▸ Activity: All of the data below should come back exactly as written, minus its images.

▸ Dataset content:

== Segment start ==

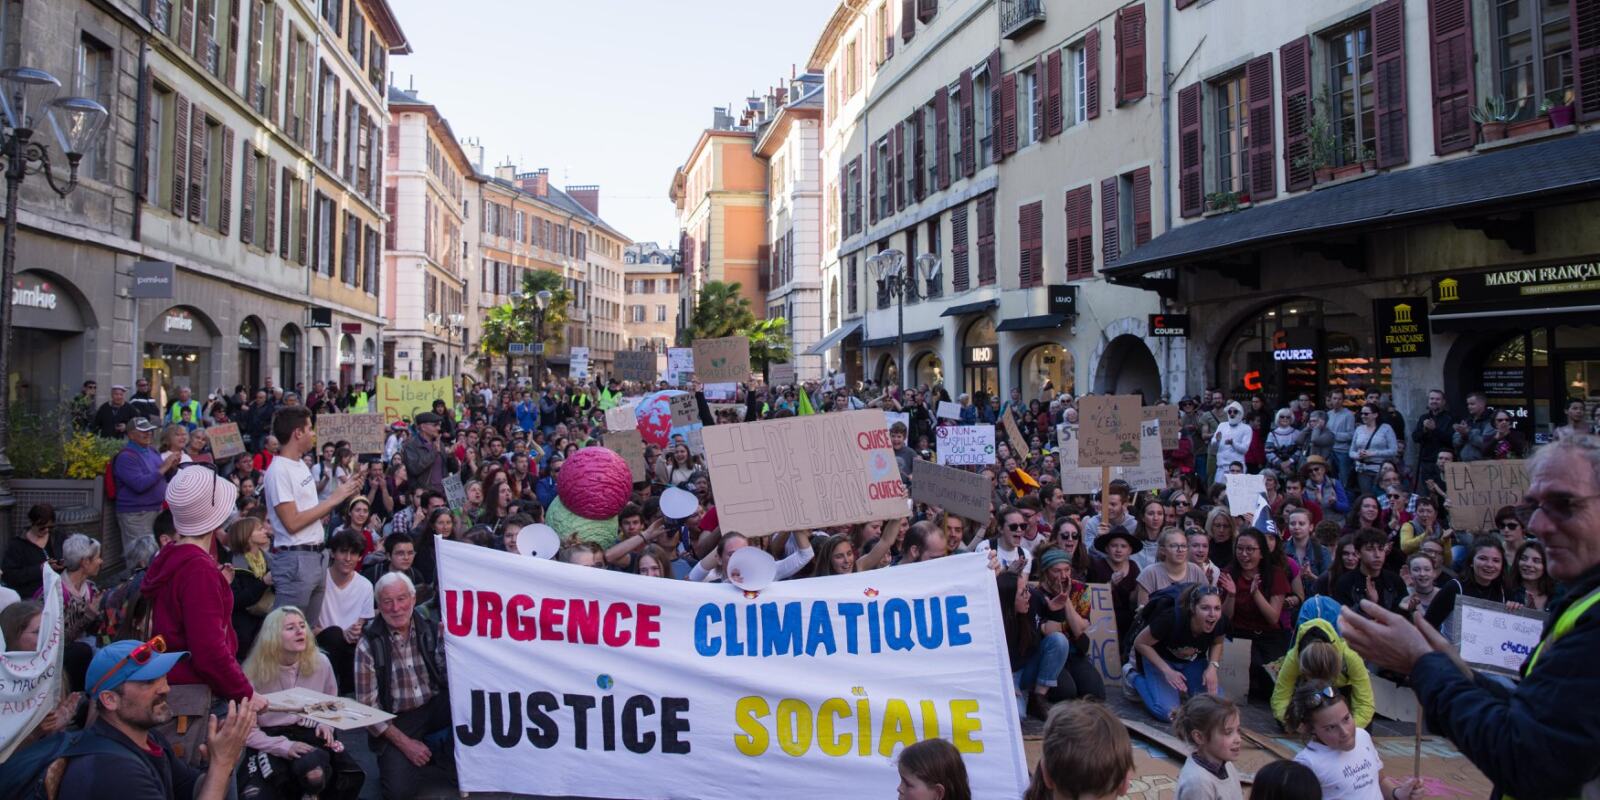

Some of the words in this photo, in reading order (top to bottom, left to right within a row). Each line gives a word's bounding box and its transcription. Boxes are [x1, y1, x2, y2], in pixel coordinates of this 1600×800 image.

[137, 275, 169, 286] pimkie
[1485, 268, 1537, 286] MAISON
[1154, 327, 1184, 335] COURIR
[1390, 325, 1418, 334] MAISON
[1385, 334, 1425, 344] FRANÇAISE
[1273, 349, 1314, 361] COURIR
[385, 381, 446, 402] Liberté
[1516, 407, 1529, 418] de
[952, 427, 971, 437] NON
[1115, 432, 1141, 441] NOTRE
[858, 429, 892, 451] QUISE
[943, 435, 986, 446] GASPILLAGE
[1451, 466, 1476, 491] LA
[1488, 463, 1531, 491] PLAN
[1458, 490, 1491, 506] N'EST
[445, 589, 662, 649] URGENCE
[694, 592, 973, 658] CLIMATIQUE
[455, 674, 691, 755] JUSTICE
[733, 687, 986, 758] SOCIALE
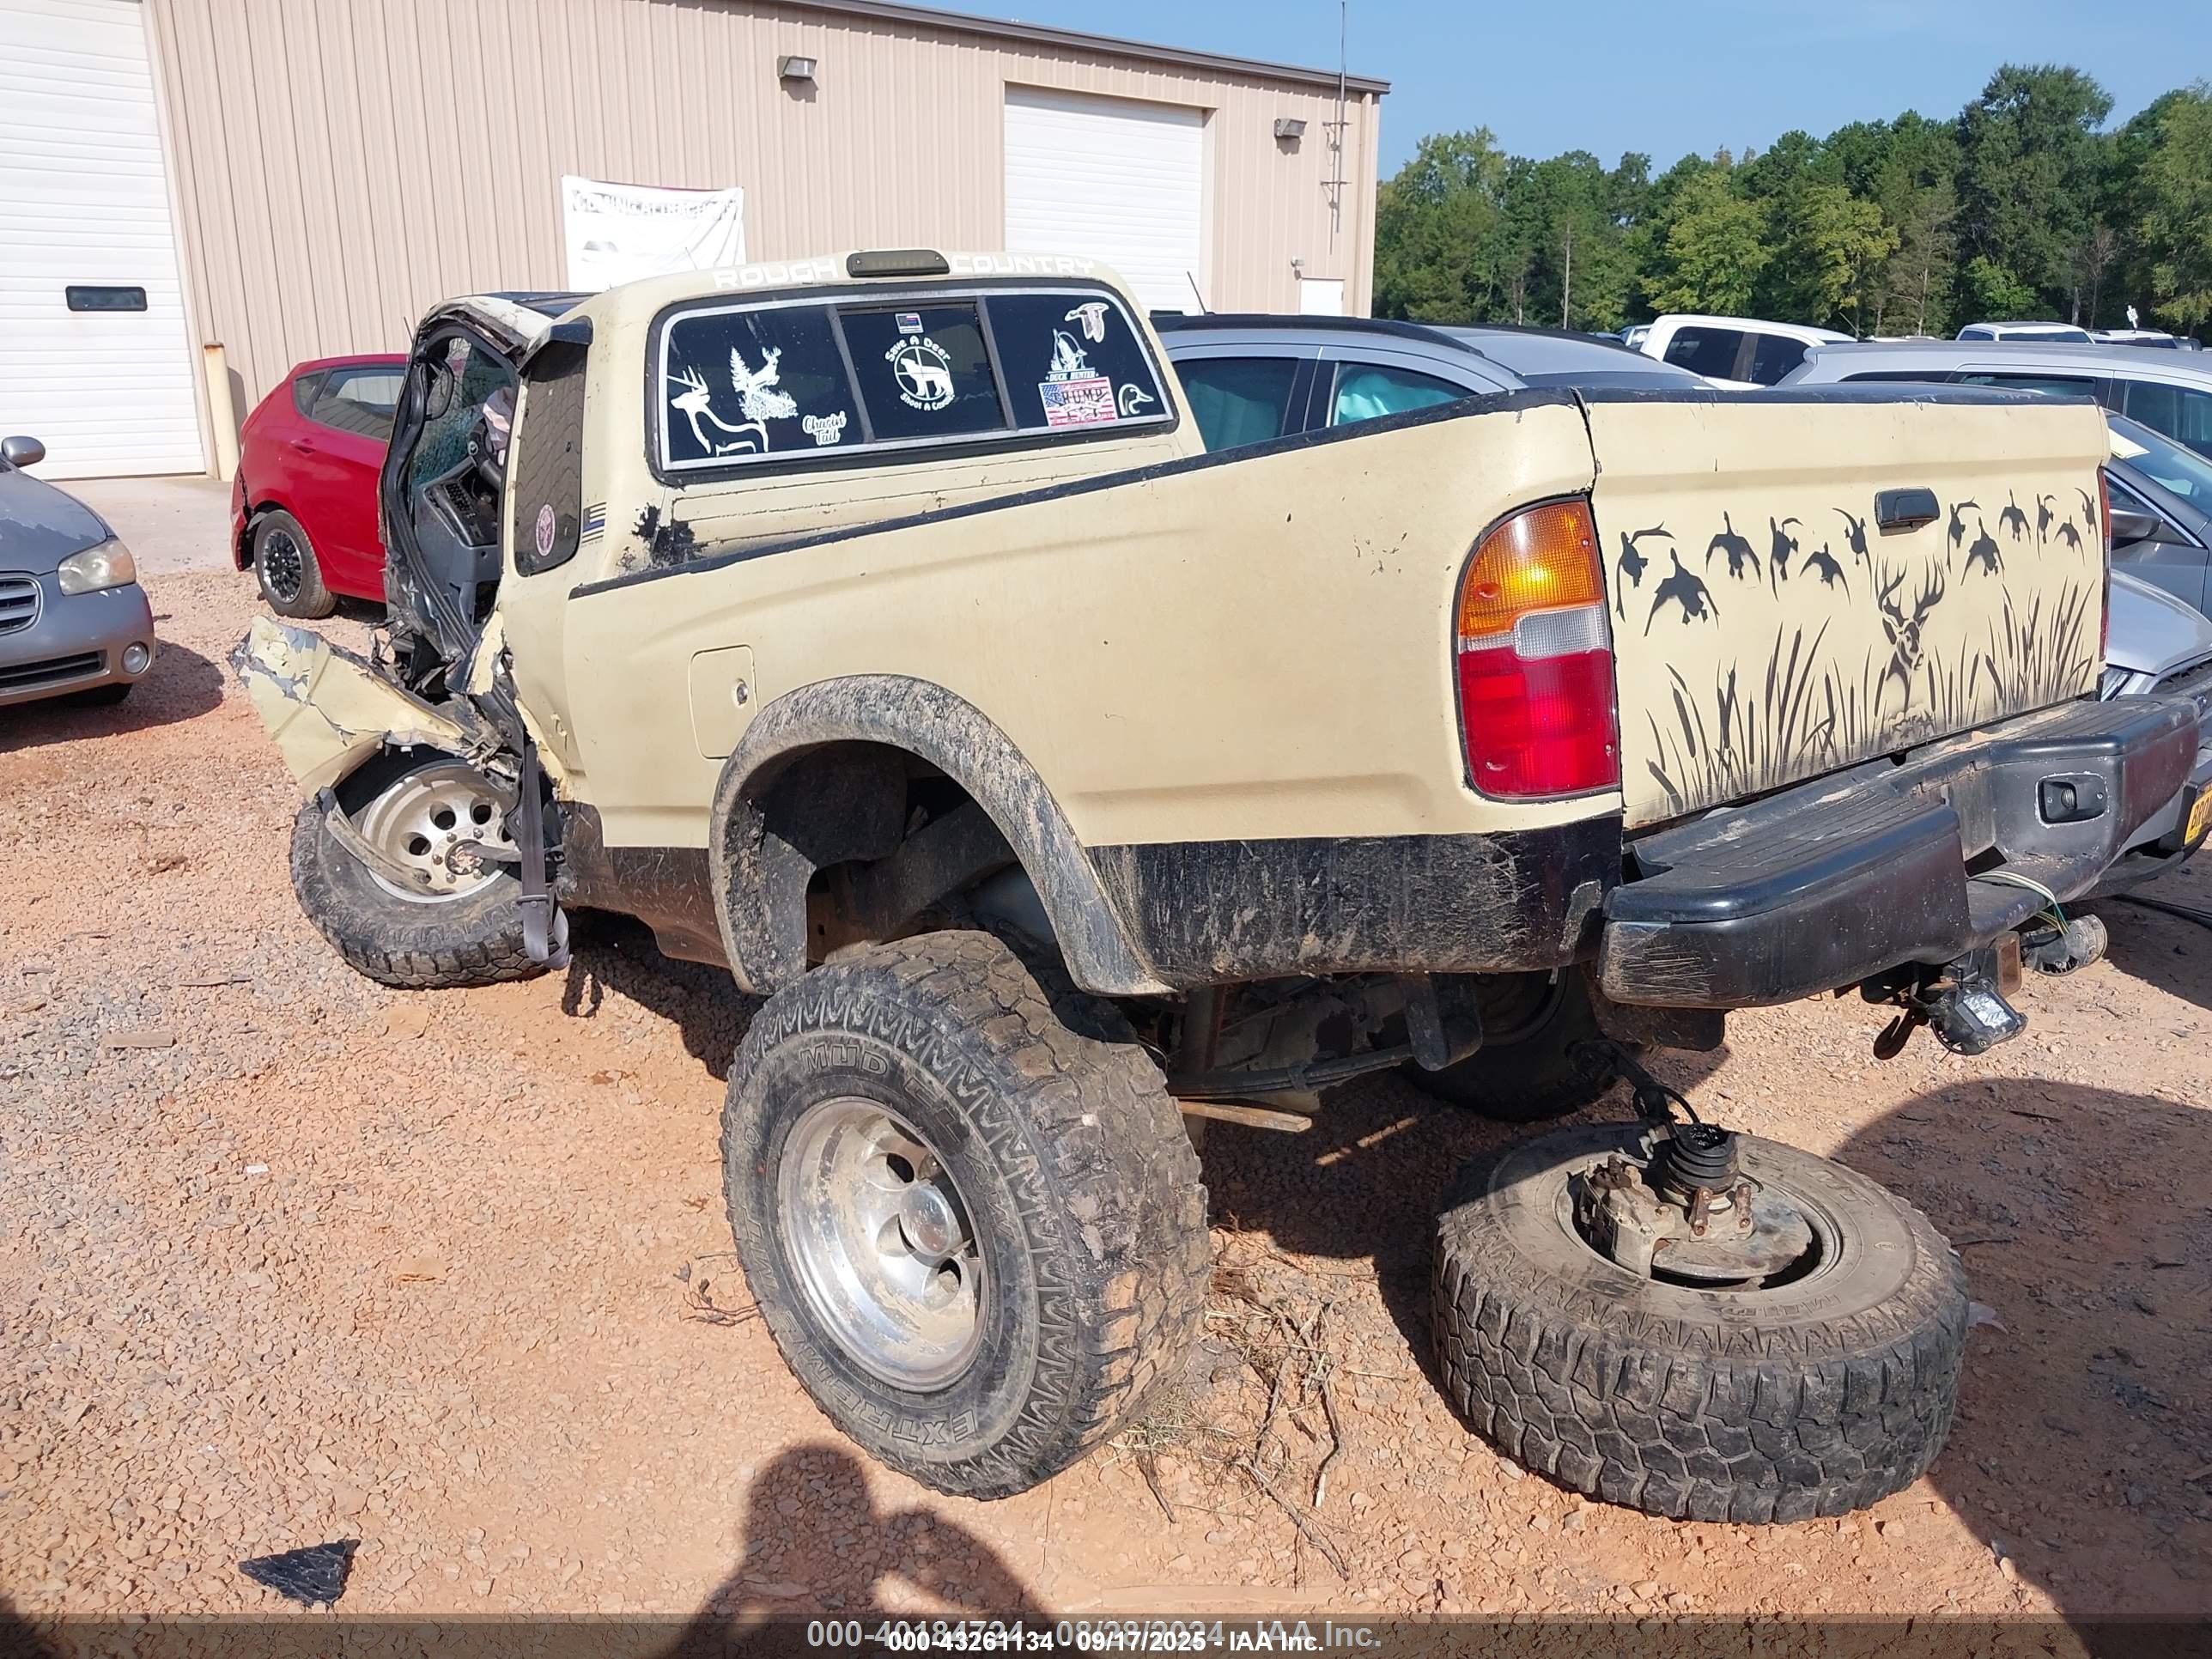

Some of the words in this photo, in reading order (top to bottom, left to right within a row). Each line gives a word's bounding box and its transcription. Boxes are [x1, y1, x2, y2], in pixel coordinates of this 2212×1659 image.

[713, 258, 838, 289] ROUGH
[952, 252, 1095, 274] COUNTRY
[884, 339, 908, 362] Save
[909, 335, 920, 345] A
[923, 337, 952, 362] Deer
[1051, 388, 1103, 405] TRUMP
[815, 428, 840, 445] Tail
[799, 1043, 889, 1076] MUD
[775, 1310, 978, 1444] EXTREME

== Segment end ==

▸ Response to this exercise:
Some of the words in this photo, in reading order (top to bottom, left to right within a row). Each line gives a word's bounding box and its transcription. Boxes are [x1, y1, x2, y2], in pixel coordinates of this 1600×800 image.

[137, 275, 169, 286] pimkie
[1485, 268, 1537, 286] MAISON
[1154, 327, 1184, 335] COURIR
[1390, 325, 1418, 334] MAISON
[1385, 334, 1425, 344] FRANÇAISE
[1273, 349, 1314, 361] COURIR
[385, 381, 446, 402] Liberté
[1516, 407, 1529, 418] de
[952, 427, 971, 437] NON
[1115, 432, 1141, 441] NOTRE
[858, 429, 892, 451] QUISE
[943, 435, 986, 446] GASPILLAGE
[1451, 466, 1476, 491] LA
[1488, 463, 1531, 491] PLAN
[1458, 490, 1491, 506] N'EST
[445, 589, 662, 649] URGENCE
[694, 592, 973, 658] CLIMATIQUE
[455, 674, 691, 755] JUSTICE
[733, 687, 986, 758] SOCIALE

Some of the words in this photo, in reading order (top to bottom, left to right within a row). Each line gives a word's bounding box and its transcription. Boxes are [x1, y1, x2, y2], in pixel coordinates of this 2212×1659 image.

[713, 258, 838, 289] ROUGH
[952, 252, 1095, 274] COUNTRY
[884, 339, 908, 362] Save
[909, 335, 920, 345] A
[923, 337, 952, 362] Deer
[1051, 388, 1103, 405] TRUMP
[815, 428, 840, 445] Tail
[799, 1043, 889, 1076] MUD
[775, 1310, 978, 1444] EXTREME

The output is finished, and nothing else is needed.